Every picture should be left out, but the lines below must be repeated exactly.

****

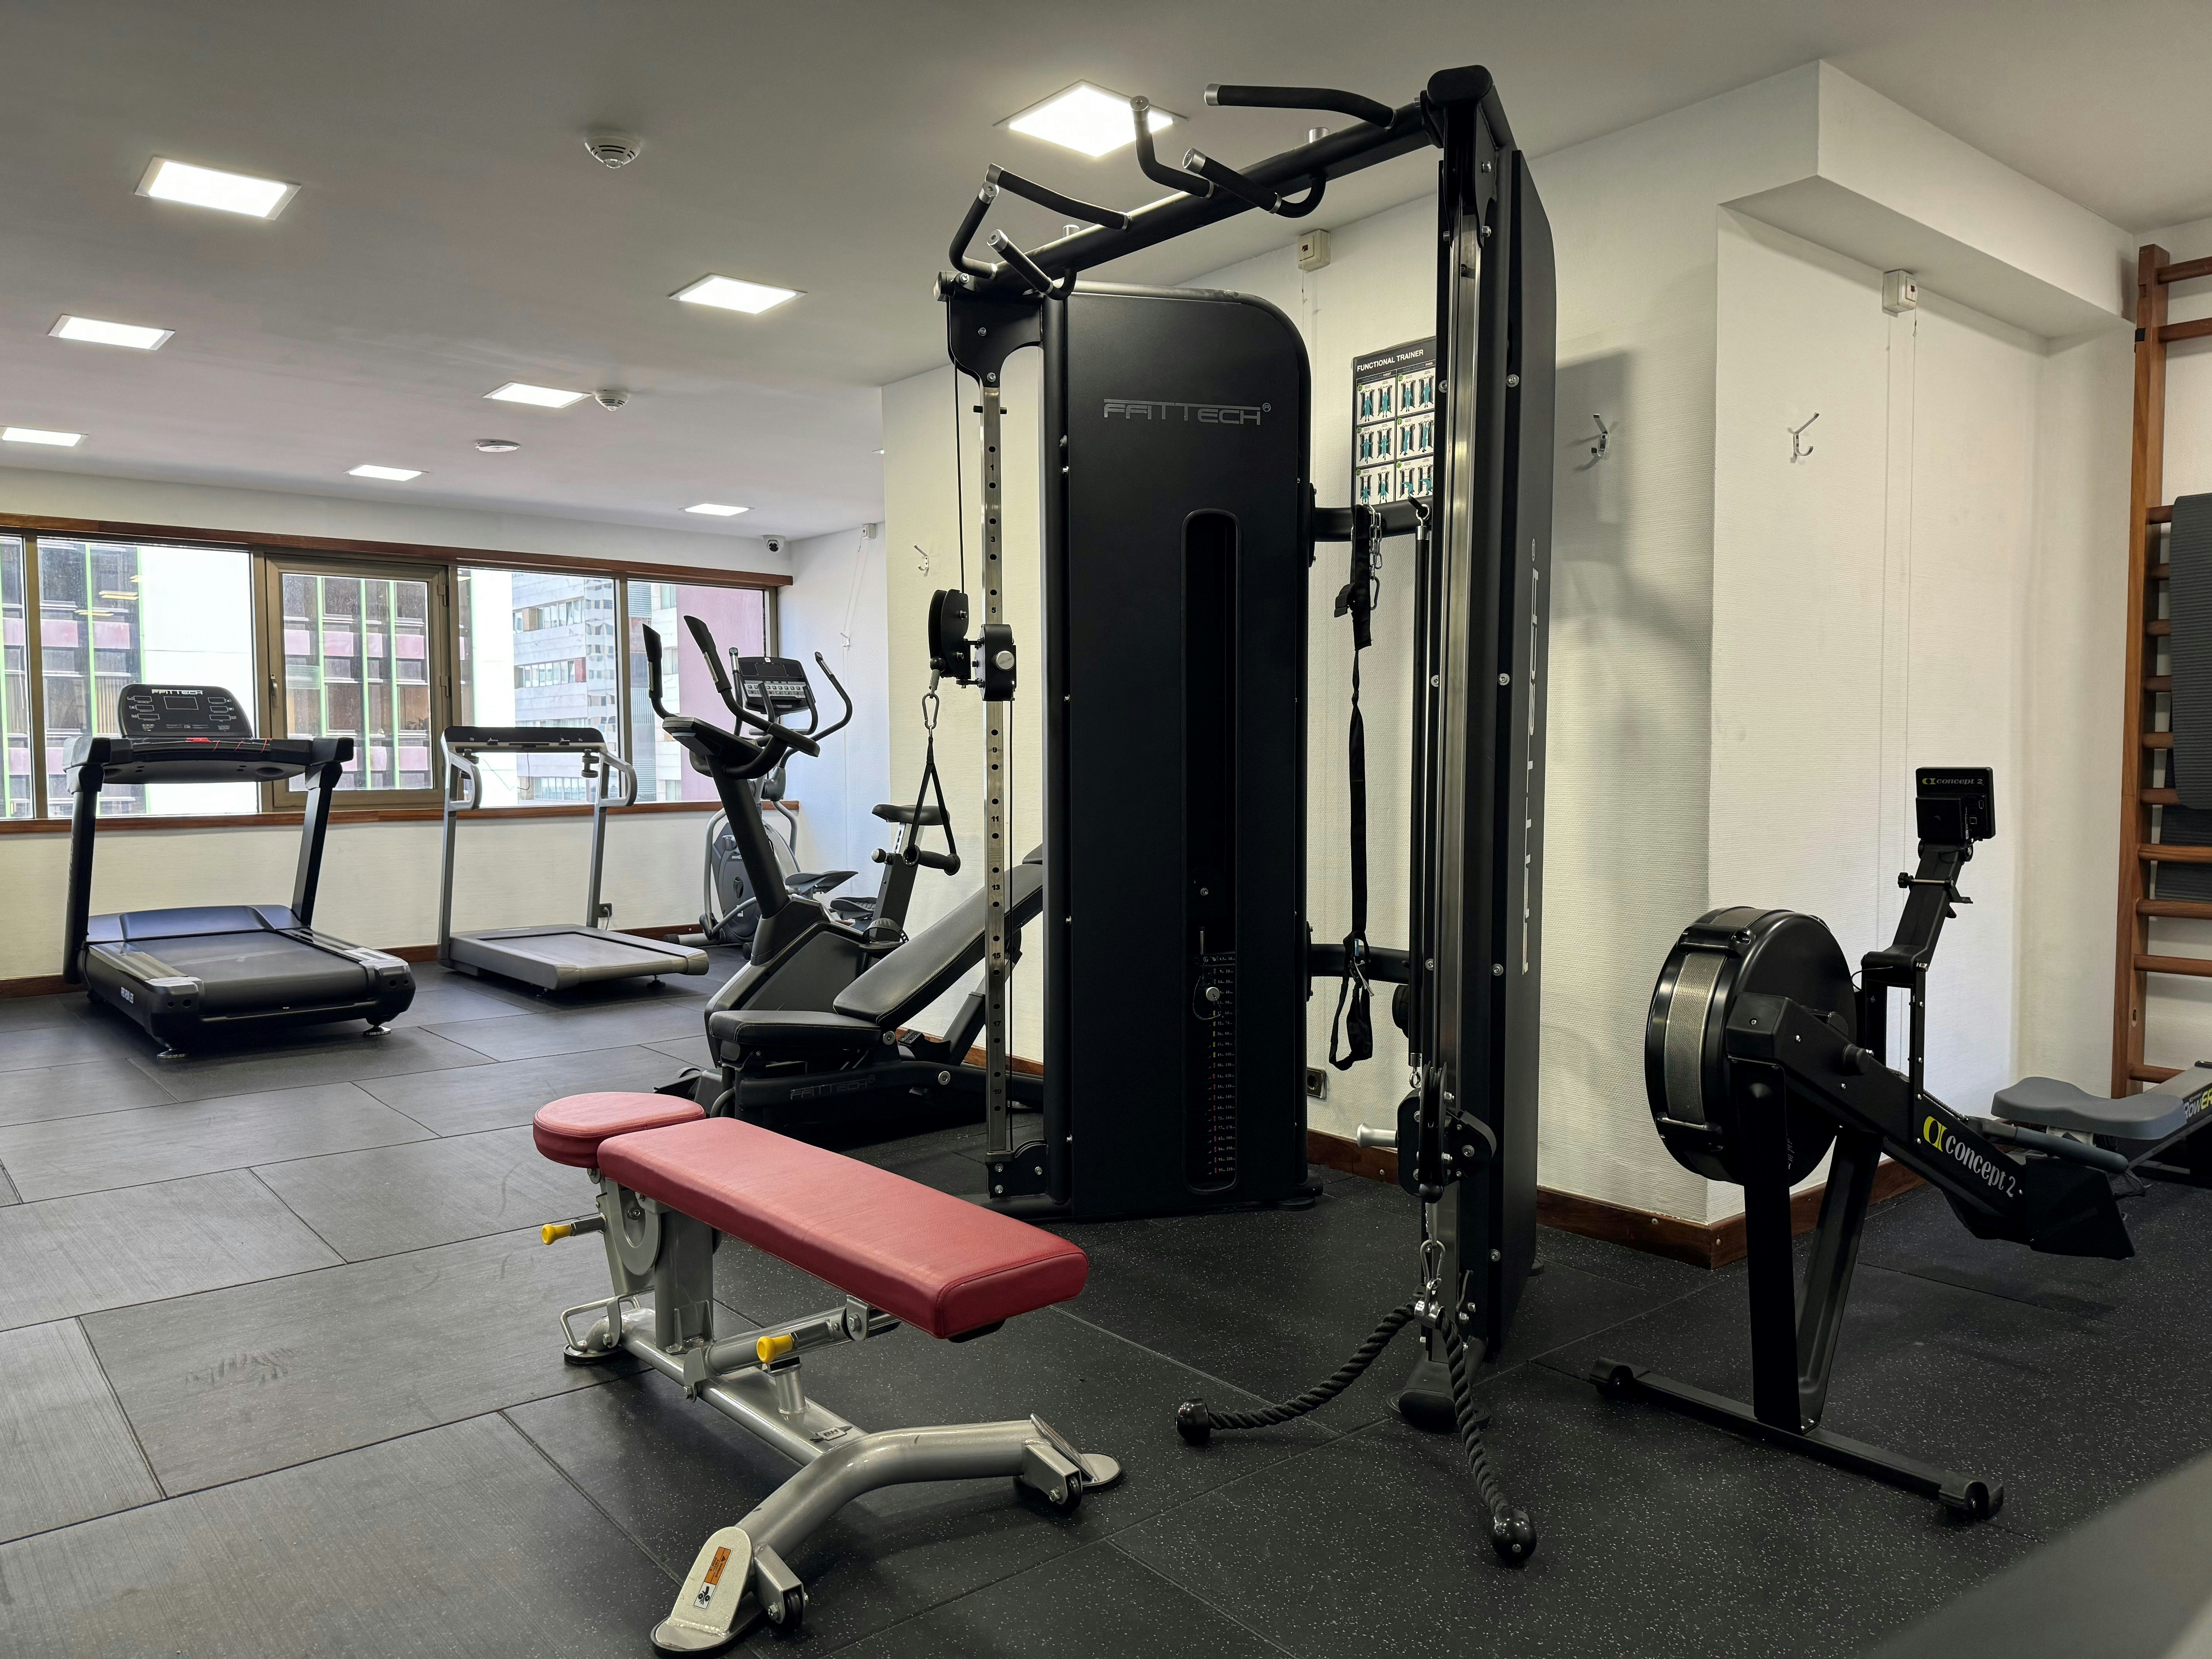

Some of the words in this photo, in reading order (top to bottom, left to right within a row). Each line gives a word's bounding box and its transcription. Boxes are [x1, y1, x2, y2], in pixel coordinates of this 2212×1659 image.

[1357, 357, 1395, 372] FUNCTIONAL
[1396, 349, 1424, 362] TRAINER
[1945, 1135, 2006, 1190] concept
[2006, 1176, 2016, 1197] 2
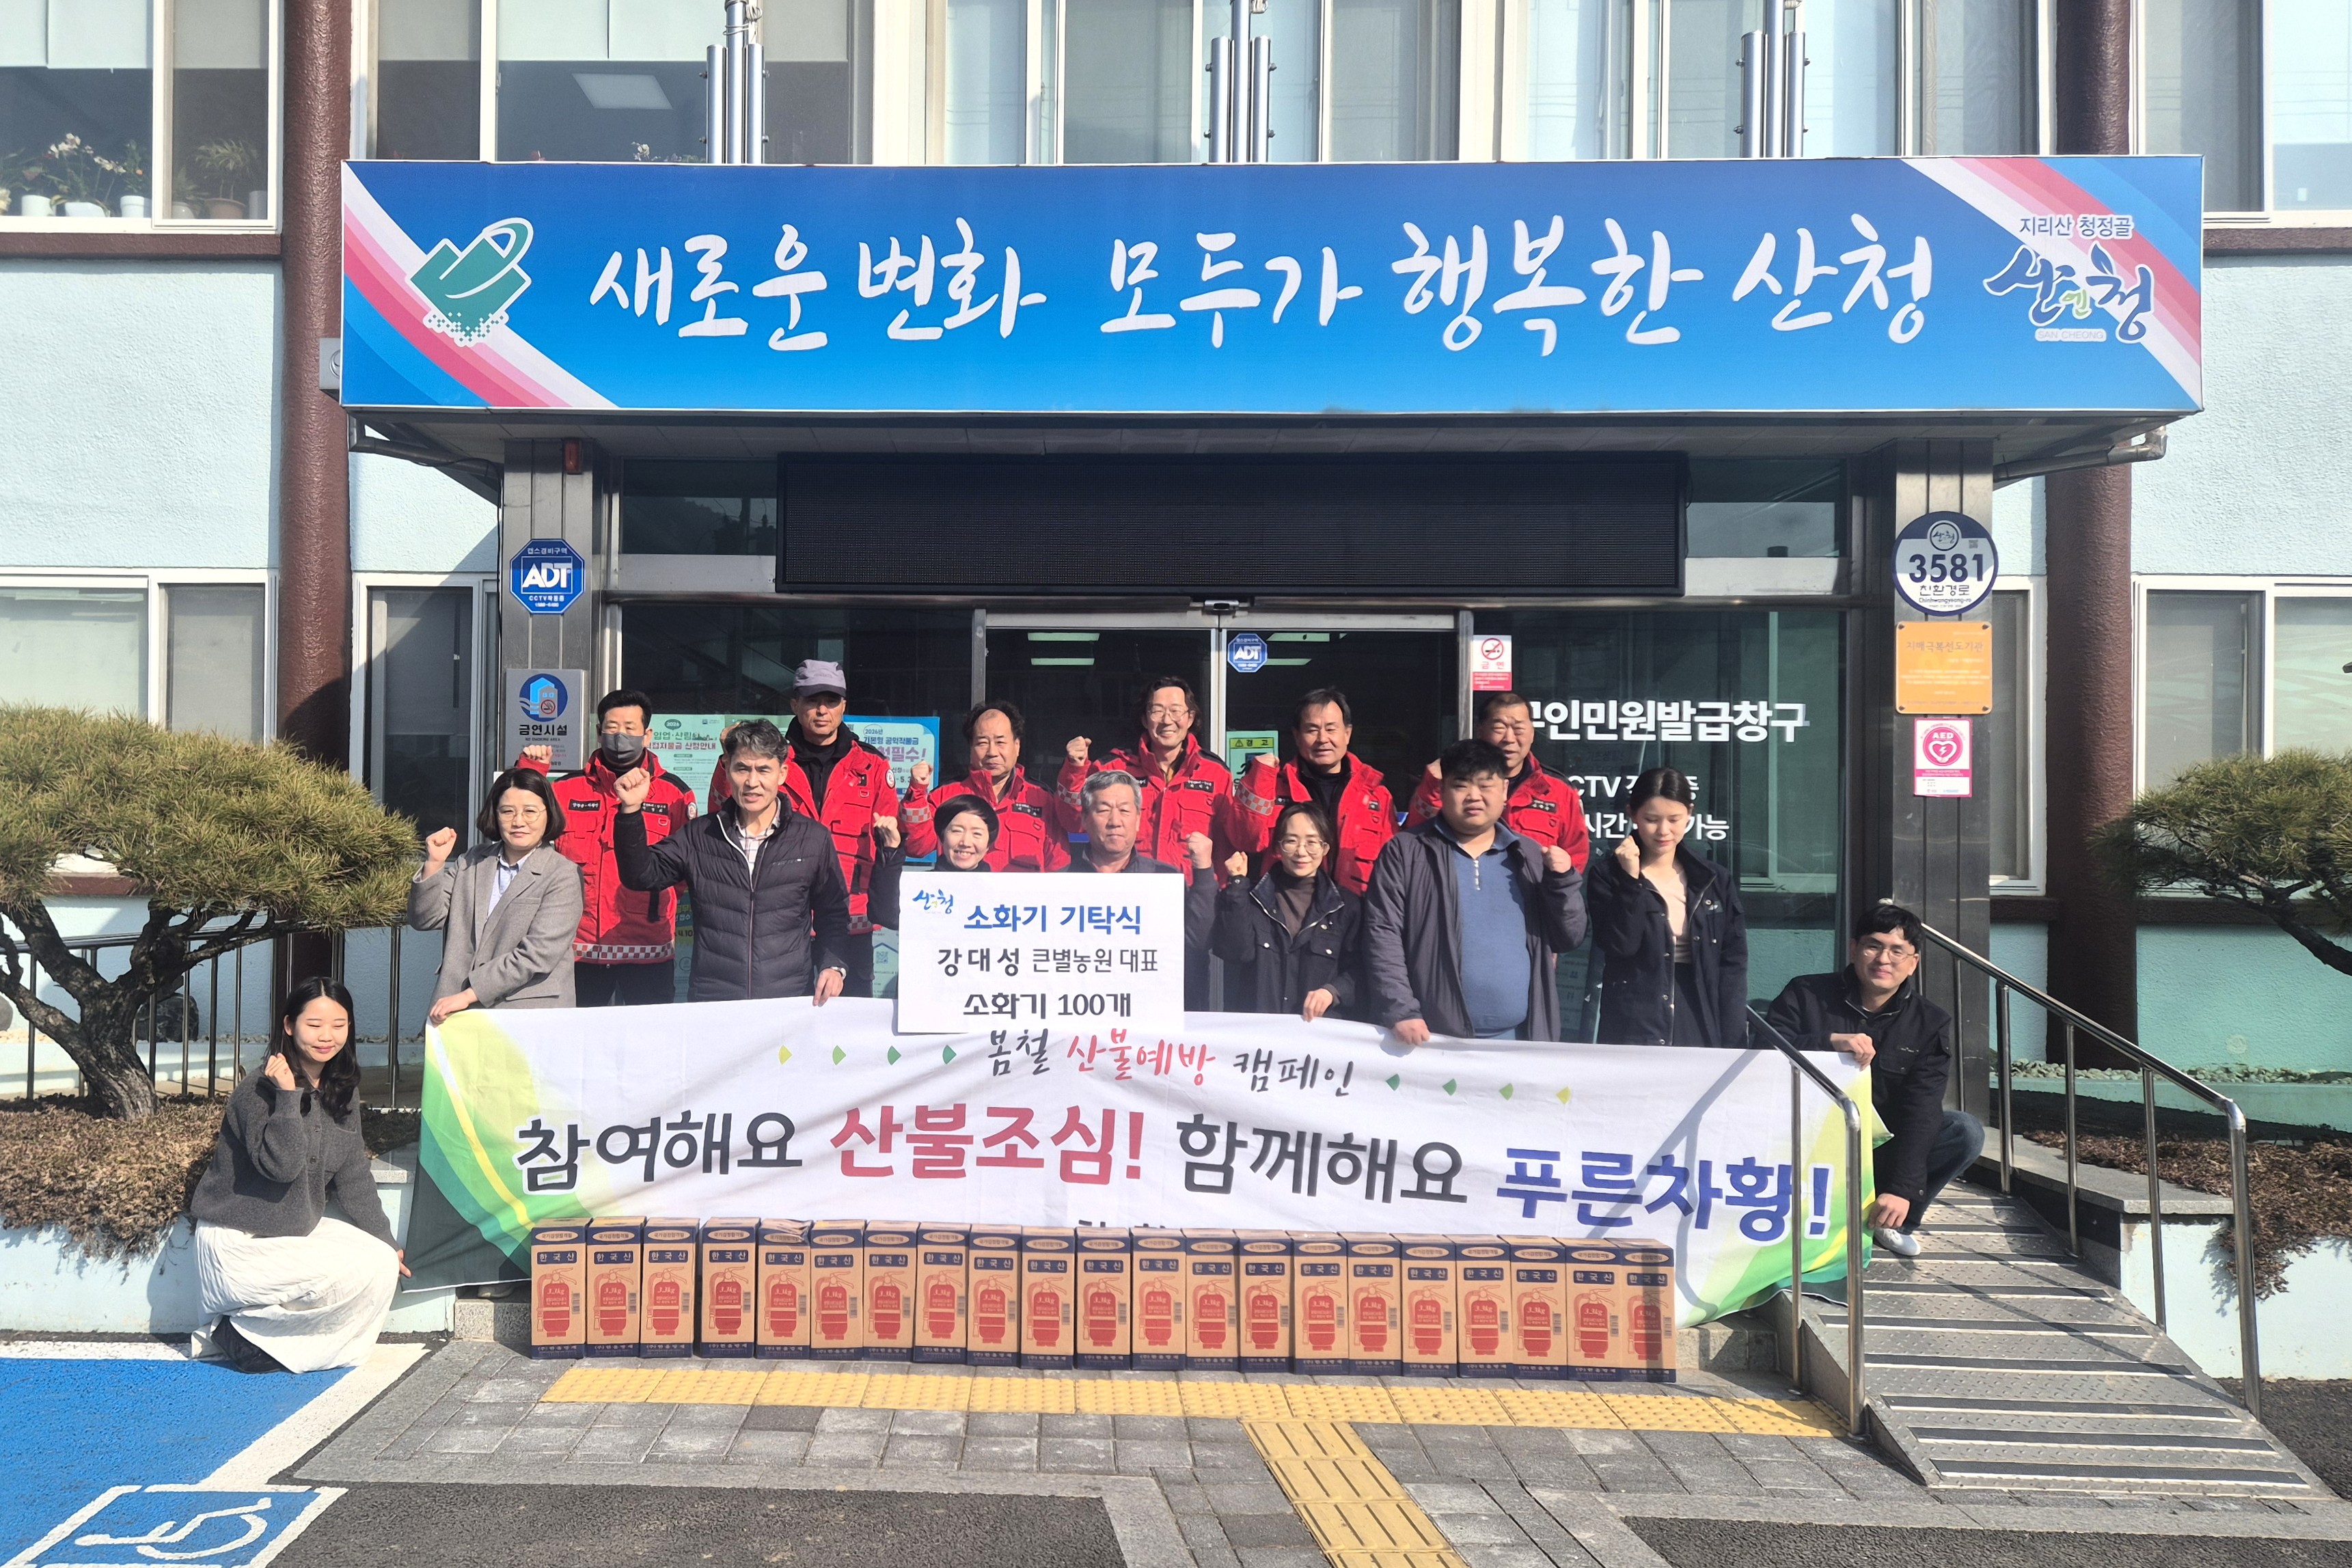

****

• Task response:
Some of the words in this photo, in reading order (top to bottom, left to right within a row). Each line gives a word's bounding box and its transcription. Boxes are [x1, y1, x2, y2], in pixel coordinates of this 2212×1659 image.

[1357, 357, 1395, 372] FUNCTIONAL
[1396, 349, 1424, 362] TRAINER
[1945, 1135, 2006, 1190] concept
[2006, 1176, 2016, 1197] 2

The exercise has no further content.